> What to do: Please output every entry below exactly as written, leaving out any pictures.

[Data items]

□ □ □

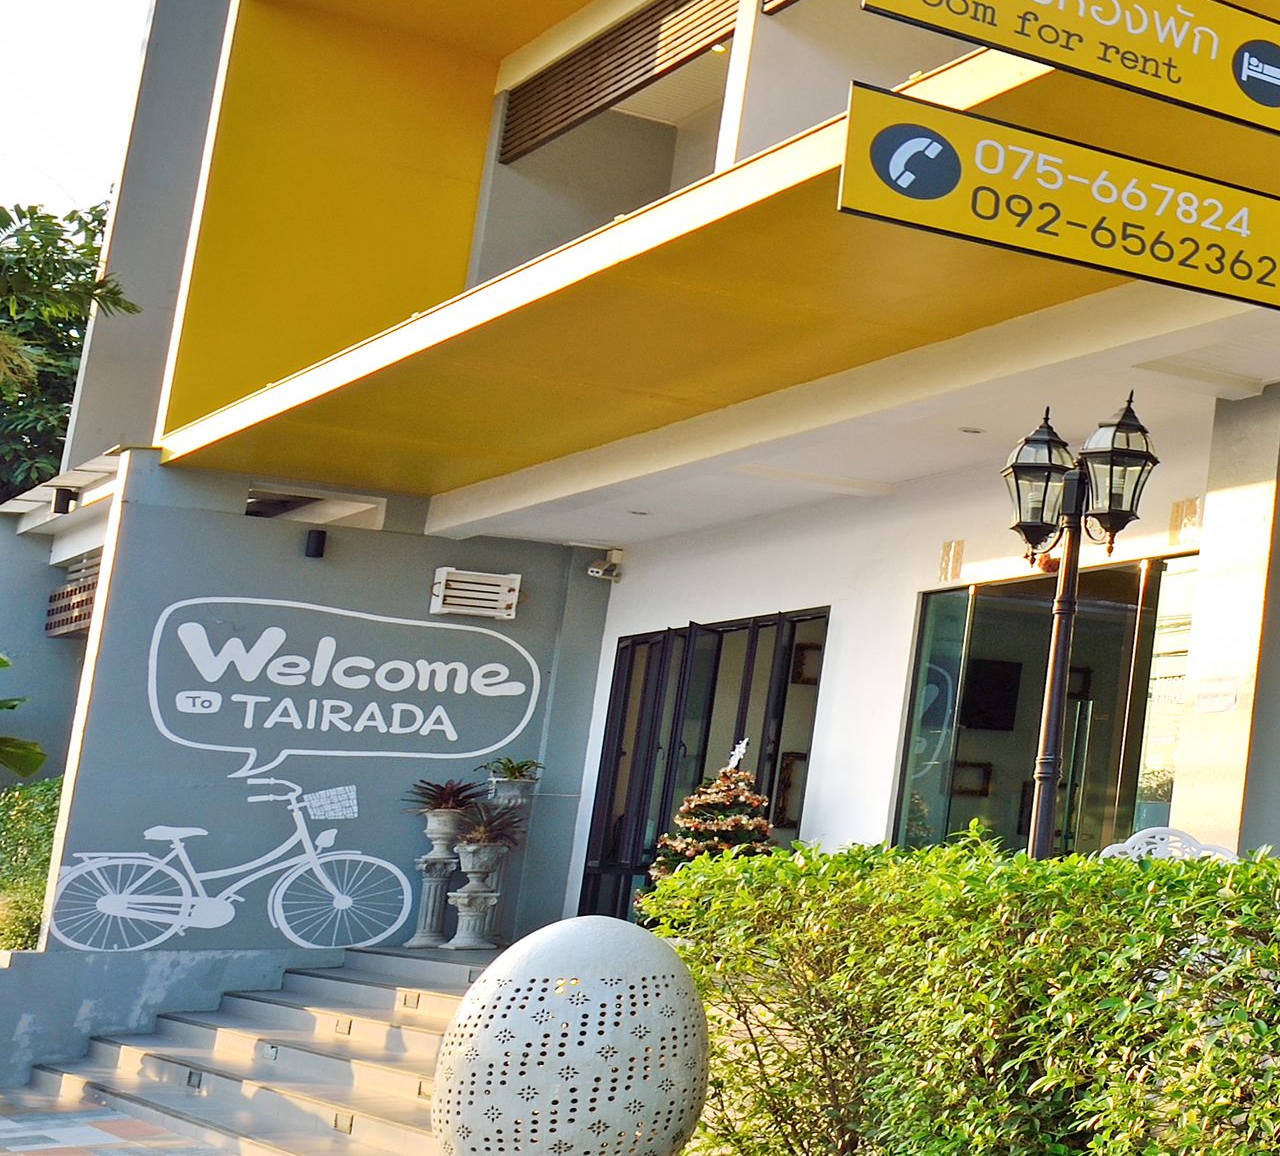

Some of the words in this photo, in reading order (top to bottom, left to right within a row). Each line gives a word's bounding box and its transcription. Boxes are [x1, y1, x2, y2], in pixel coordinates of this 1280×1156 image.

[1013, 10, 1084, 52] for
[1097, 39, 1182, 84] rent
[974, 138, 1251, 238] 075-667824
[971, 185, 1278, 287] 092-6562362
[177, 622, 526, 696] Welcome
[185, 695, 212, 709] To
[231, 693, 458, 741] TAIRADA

□ □ □

> Output of the task:
Some of the words in this photo, in reading order (top to bottom, left to right within a row). Each line gives a word's bounding box and its transcription. Boxes are [x1, y1, x2, y2], in pixel coordinates of this 1280×1156 image.

[1013, 10, 1084, 52] for
[1097, 39, 1182, 84] rent
[974, 138, 1251, 238] 075-667824
[971, 185, 1278, 287] 092-6562362
[177, 622, 526, 696] Welcome
[185, 695, 212, 709] To
[231, 693, 458, 741] TAIRADA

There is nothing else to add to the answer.